◆ REQUIRED WORK: With the images removed, repeat the data below exactly.

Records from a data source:
- - -

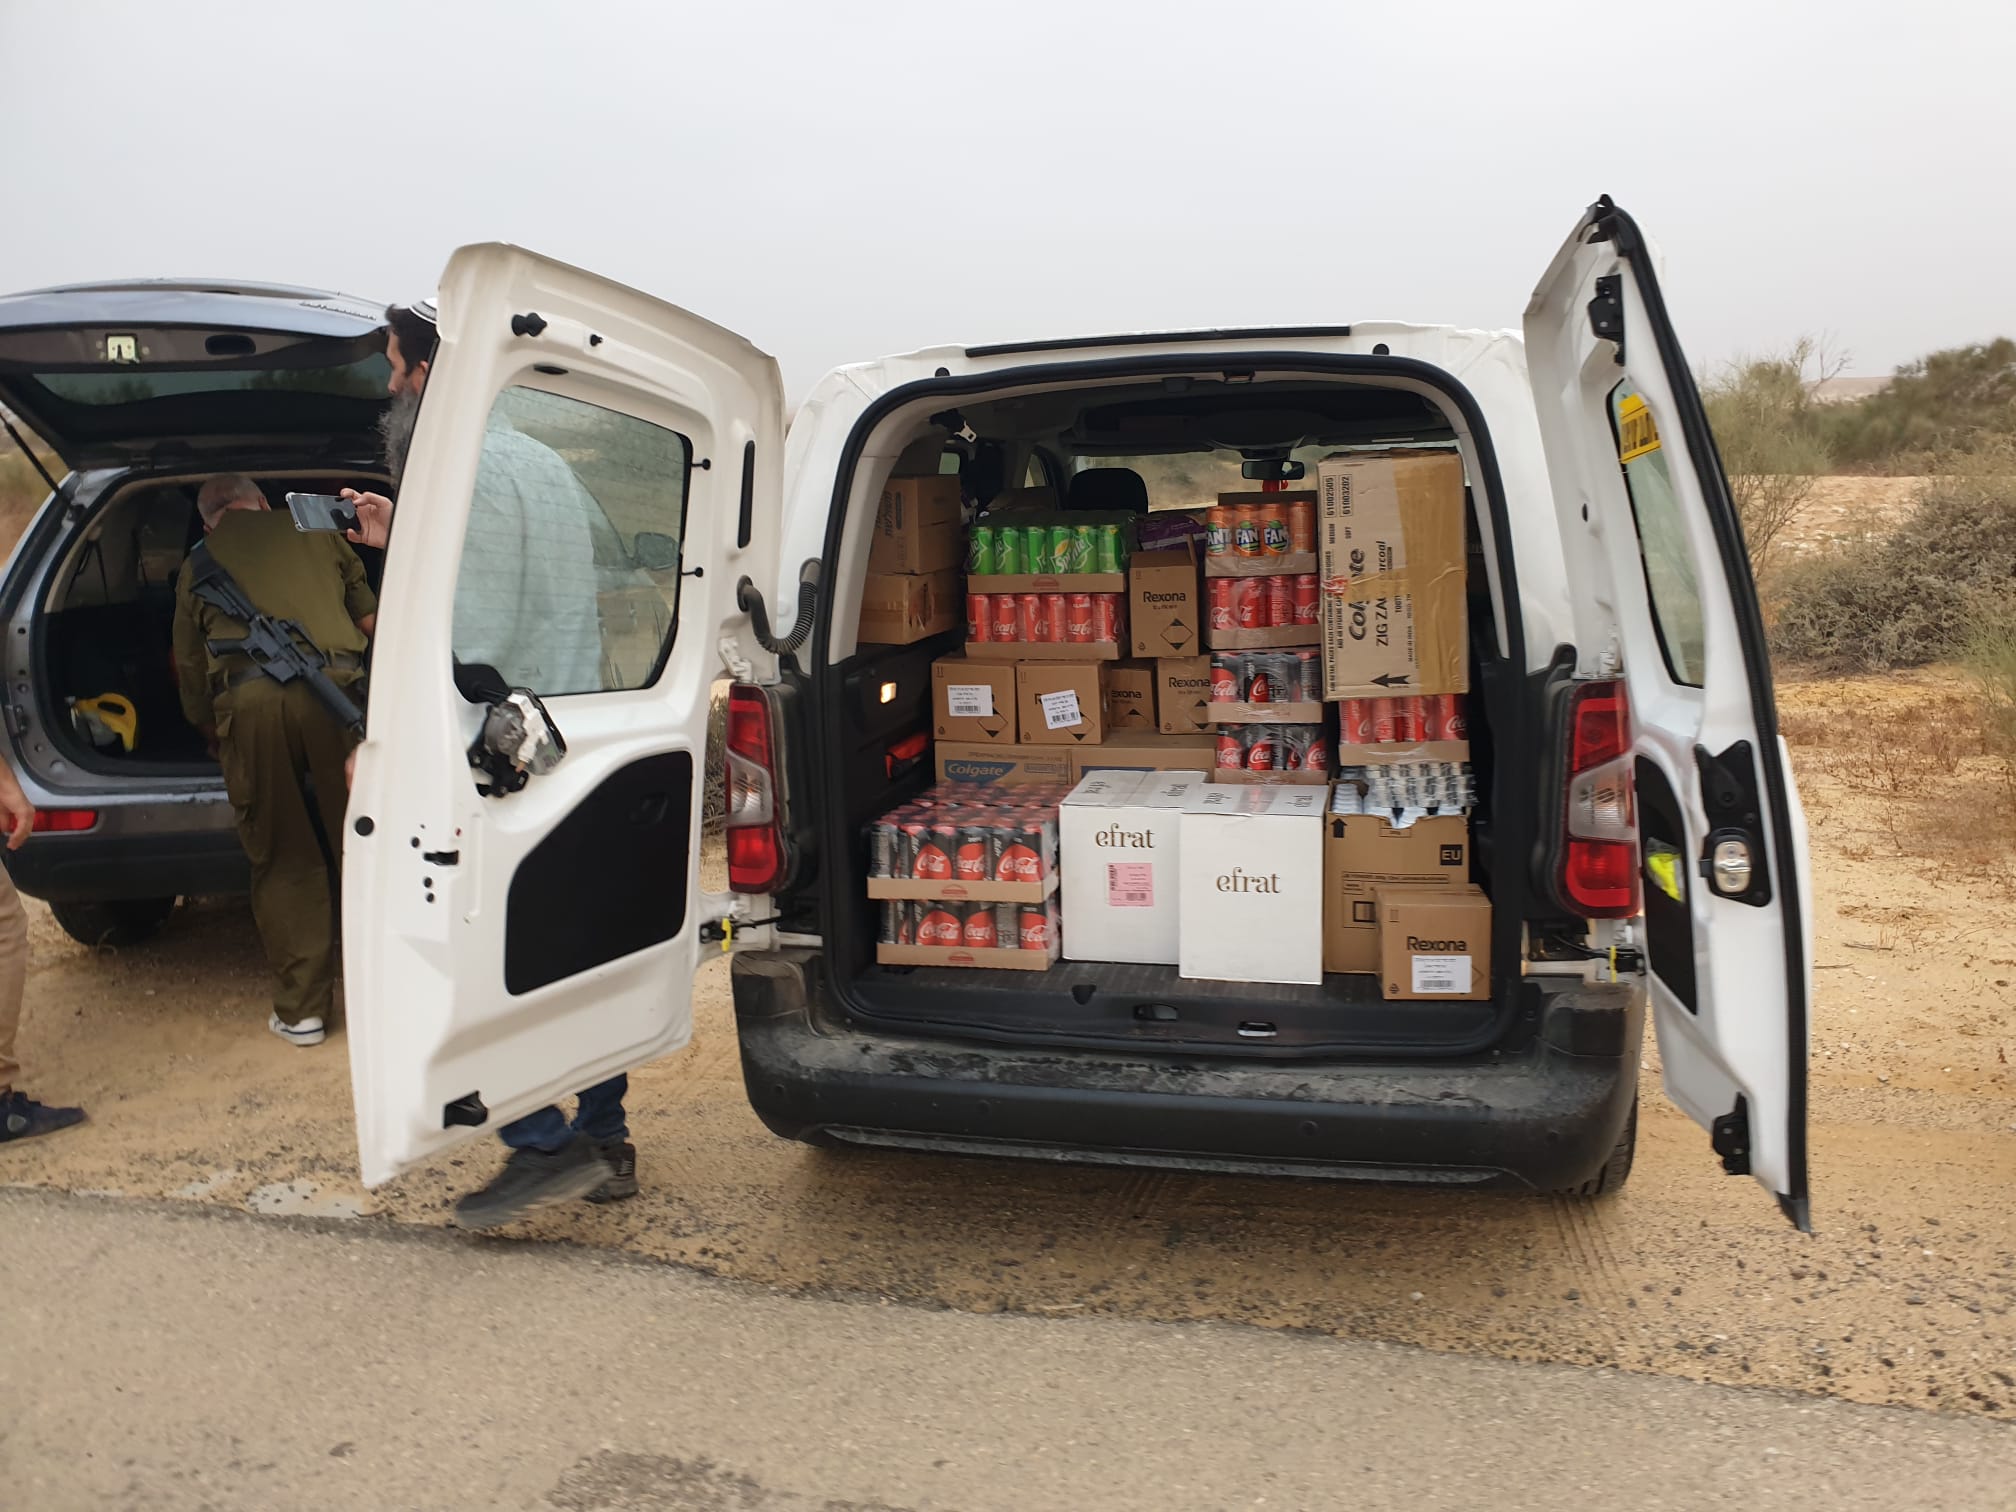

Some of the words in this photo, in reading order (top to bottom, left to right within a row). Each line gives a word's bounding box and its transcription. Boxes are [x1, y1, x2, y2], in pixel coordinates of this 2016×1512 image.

[1235, 528, 1259, 545] FAN
[1143, 591, 1186, 603] Rexona
[1348, 548, 1371, 641] Colte
[1376, 623, 1389, 647] ZIG
[1168, 676, 1211, 688] Rexona
[1111, 690, 1142, 699] exona
[947, 763, 1004, 777] Colgate
[1095, 822, 1155, 849] efrat
[1441, 849, 1461, 861] EU
[1216, 866, 1281, 894] efrat
[1406, 935, 1467, 951] Rexona
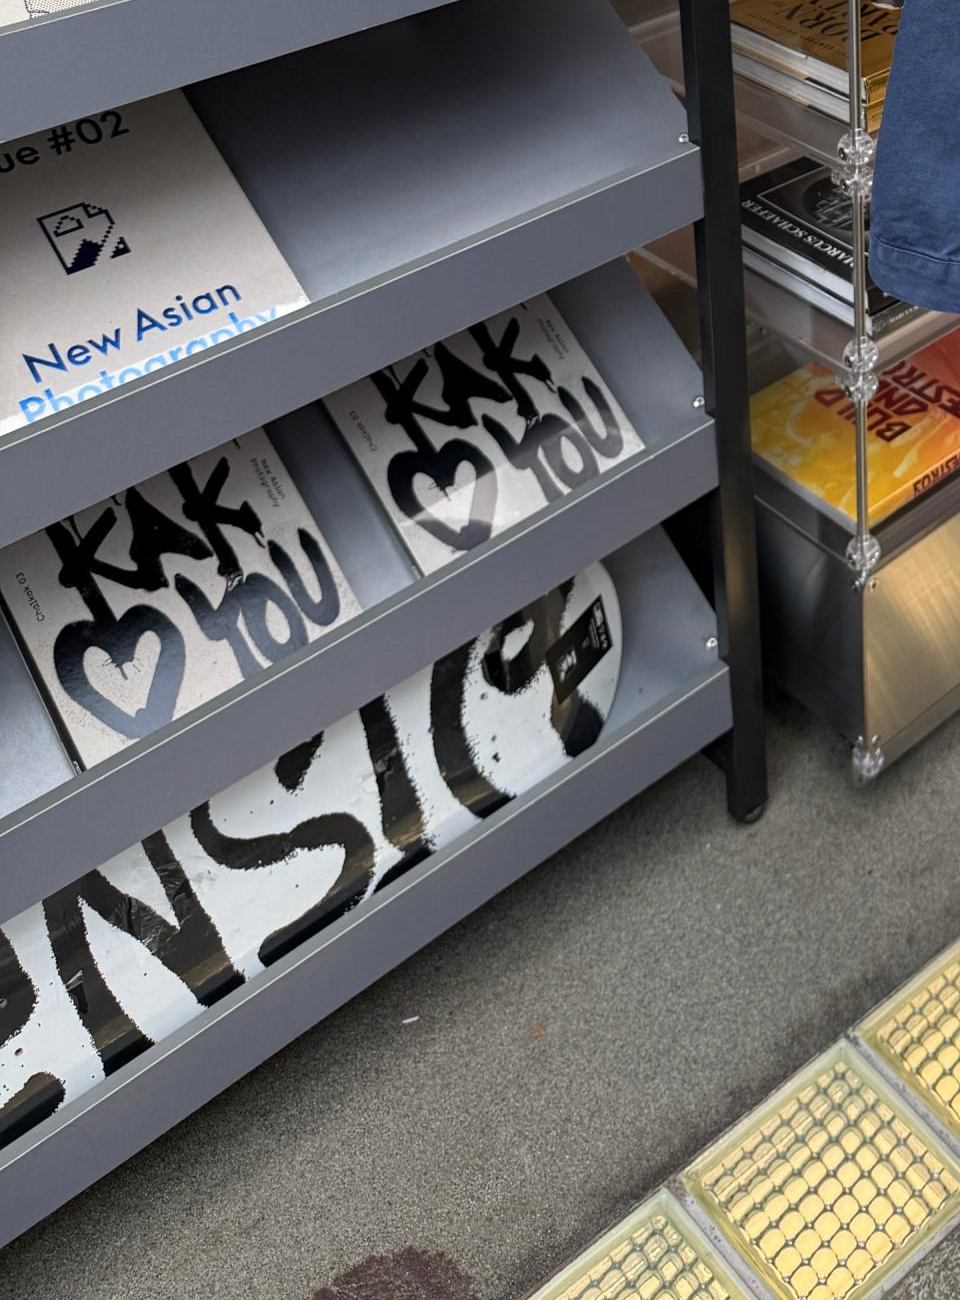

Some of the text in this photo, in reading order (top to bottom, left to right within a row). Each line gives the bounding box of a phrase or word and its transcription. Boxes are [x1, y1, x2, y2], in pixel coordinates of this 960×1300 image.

[48, 109, 131, 156] #02
[741, 199, 809, 238] SCHAEFER
[22, 283, 243, 384] New Asian
[481, 375, 624, 504] YOU
[174, 527, 341, 679] YOU

- - -

◆ SOLUTION TO THE EXERCISE:
Some of the words in this photo, in reading order (top to bottom, left to right within a row). Each line gives a word's bounding box and its transcription. Boxes are [x1, y1, x2, y2], in pixel coordinates of this 2016×1512 image.

[1235, 528, 1259, 545] FAN
[1143, 591, 1186, 603] Rexona
[1348, 548, 1371, 641] Colte
[1376, 623, 1389, 647] ZIG
[1168, 676, 1211, 688] Rexona
[1111, 690, 1142, 699] exona
[947, 763, 1004, 777] Colgate
[1095, 822, 1155, 849] efrat
[1441, 849, 1461, 861] EU
[1216, 866, 1281, 894] efrat
[1406, 935, 1467, 951] Rexona

Some of the text in this photo, in reading order (top to bottom, left to right within a row). Each line gives the bounding box of a phrase or word and its transcription. Boxes are [x1, y1, x2, y2], in pixel coordinates of this 960×1300 image.

[48, 109, 131, 156] #02
[741, 199, 809, 238] SCHAEFER
[22, 283, 243, 384] New Asian
[481, 375, 624, 504] YOU
[174, 527, 341, 679] YOU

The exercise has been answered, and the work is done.